╭──
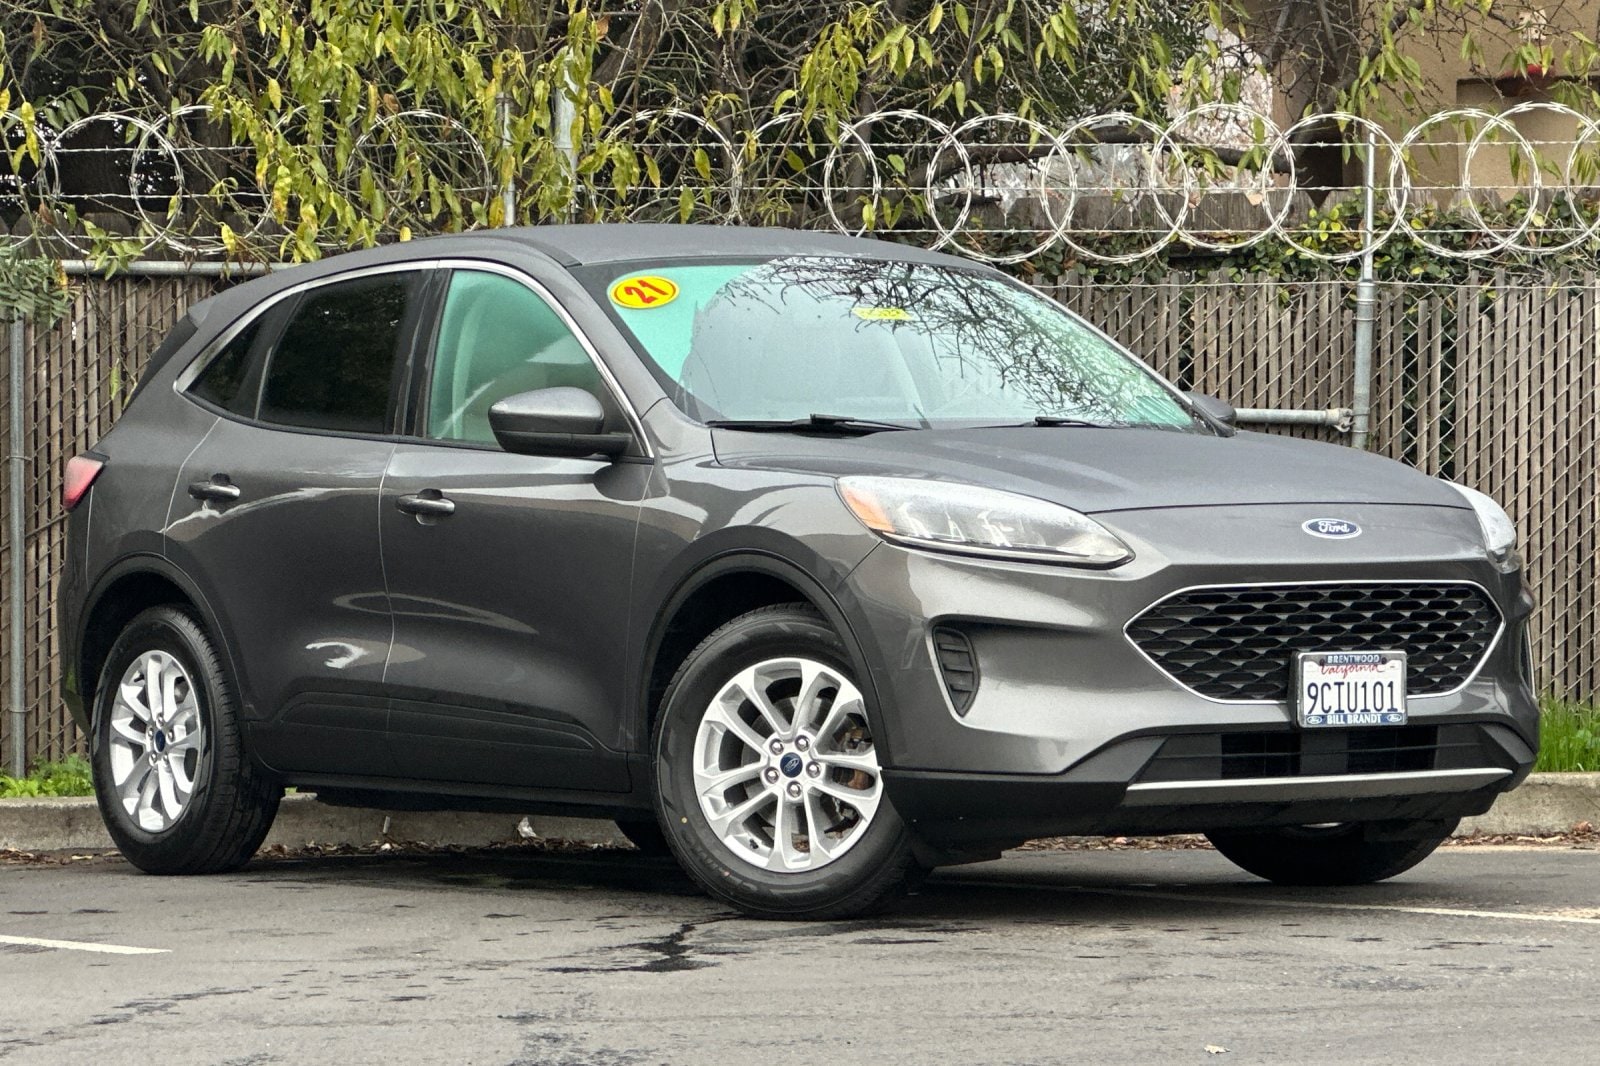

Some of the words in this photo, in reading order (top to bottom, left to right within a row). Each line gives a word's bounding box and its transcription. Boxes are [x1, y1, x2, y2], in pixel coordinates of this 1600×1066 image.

[624, 279, 669, 304] 21
[1318, 520, 1350, 533] Ford
[1327, 654, 1380, 664] BRENTWOOD
[1320, 663, 1385, 679] California
[1307, 680, 1398, 715] 9CIU101
[1326, 714, 1346, 725] BILL
[1347, 713, 1382, 724] BRANDT
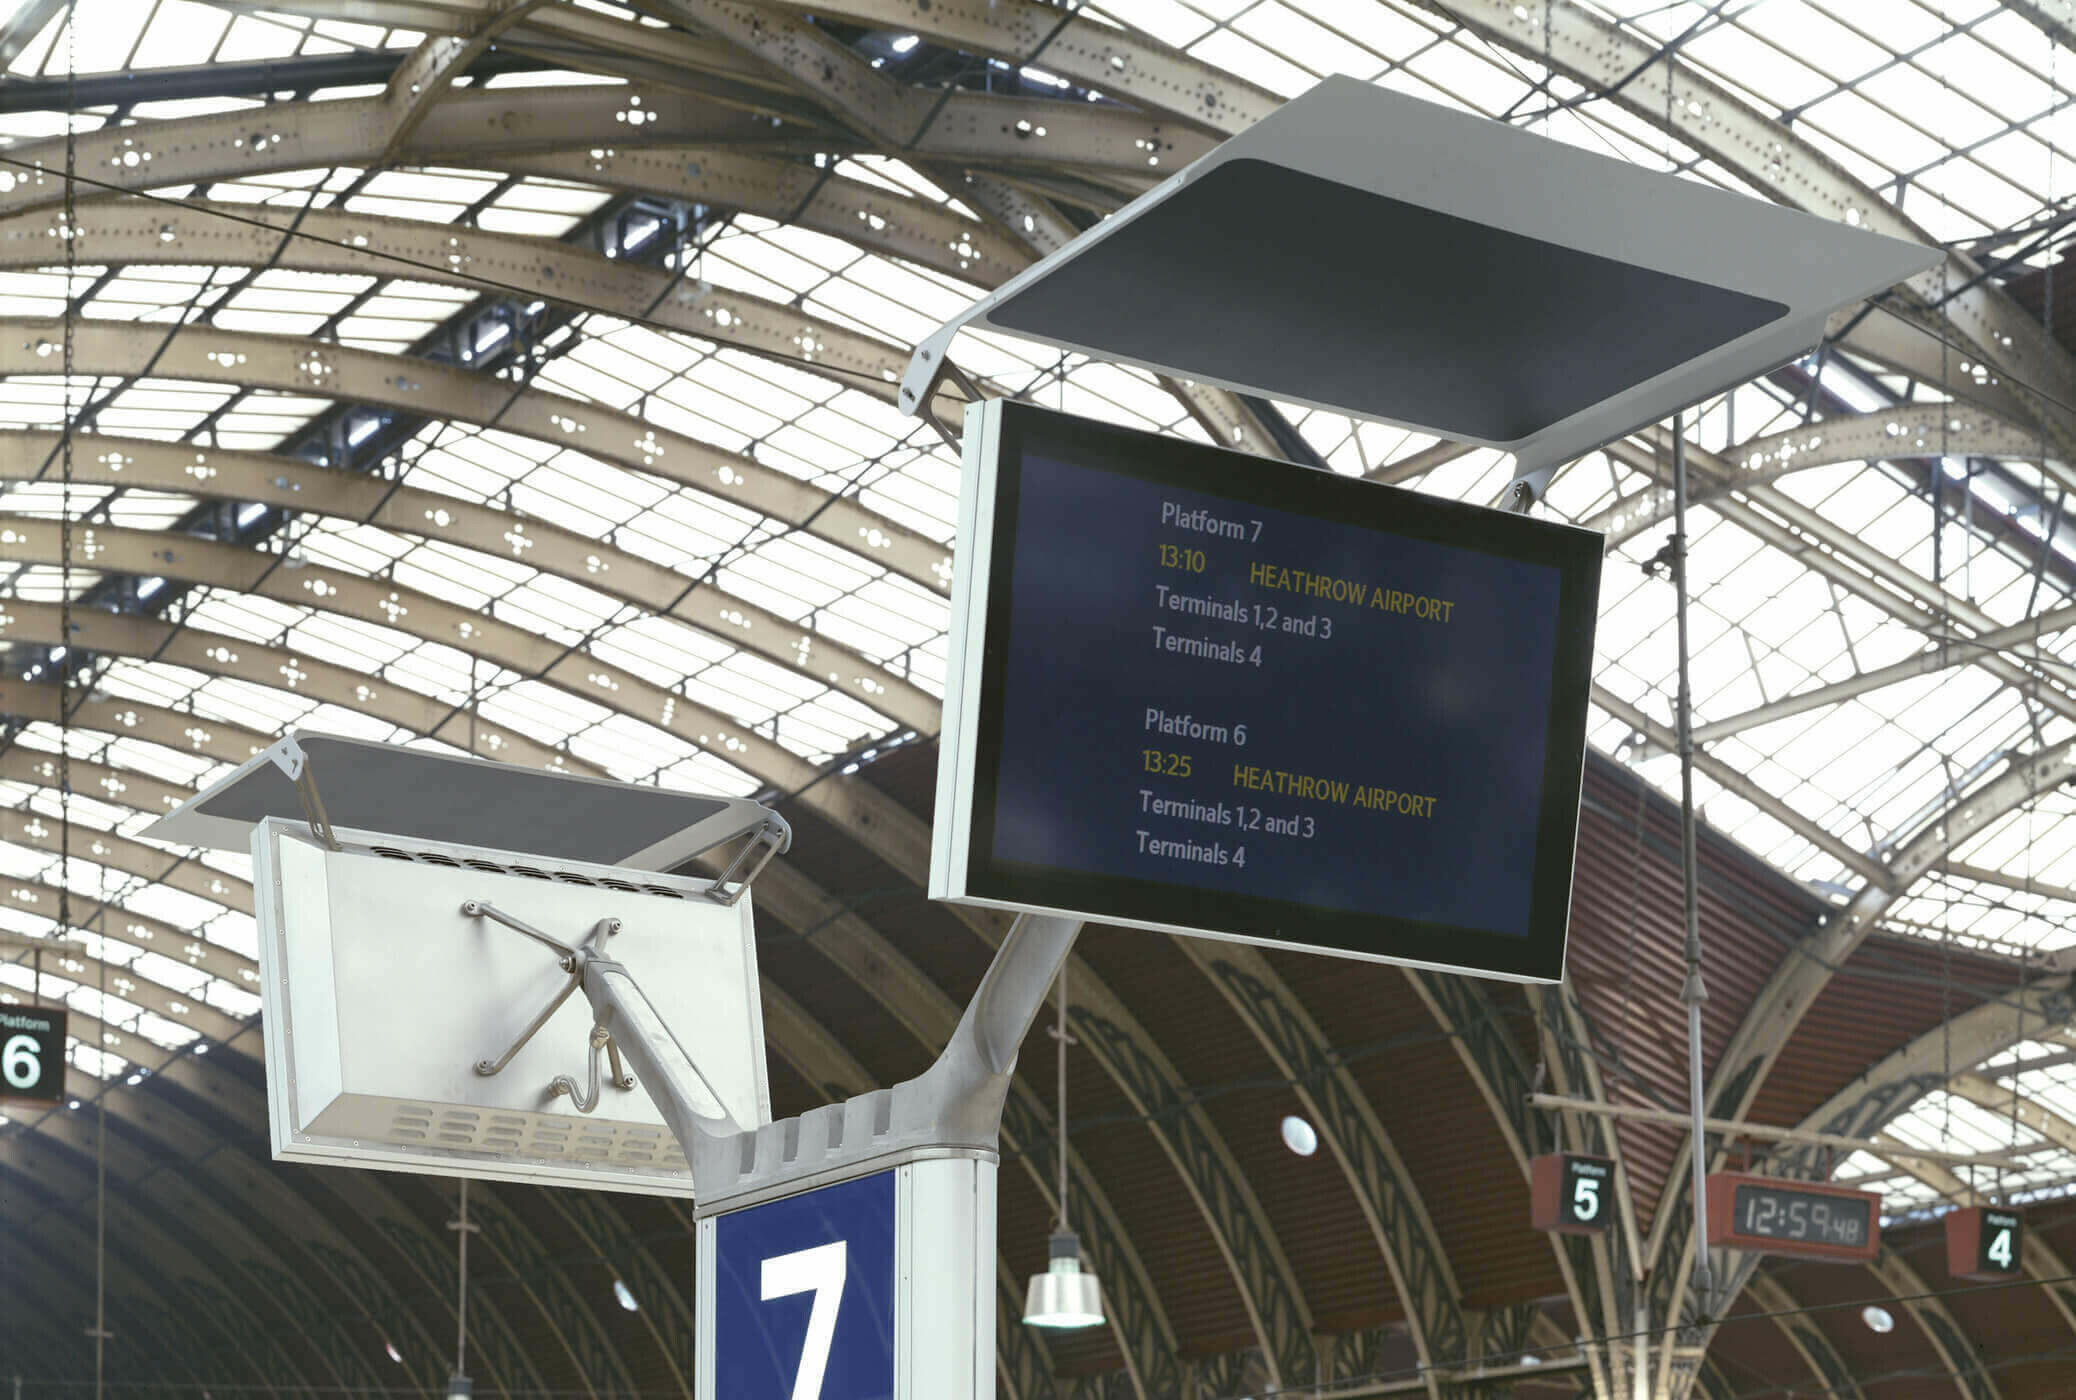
╰──
▸ **REQUIREMENT**: Keep the pictures out and transcribe the listing exactly.

▸ **FINAL ANSWER**:
Some of the words in this photo, in reading order (top to bottom, left to right within a row). Each line gives a word's bounding box and its transcription. Boxes are [x1, y1, x2, y2], in pixel coordinates of this 1600×1066 image.

[624, 279, 669, 304] 21
[1318, 520, 1350, 533] Ford
[1327, 654, 1380, 664] BRENTWOOD
[1320, 663, 1385, 679] California
[1307, 680, 1398, 715] 9CIU101
[1326, 714, 1346, 725] BILL
[1347, 713, 1382, 724] BRANDT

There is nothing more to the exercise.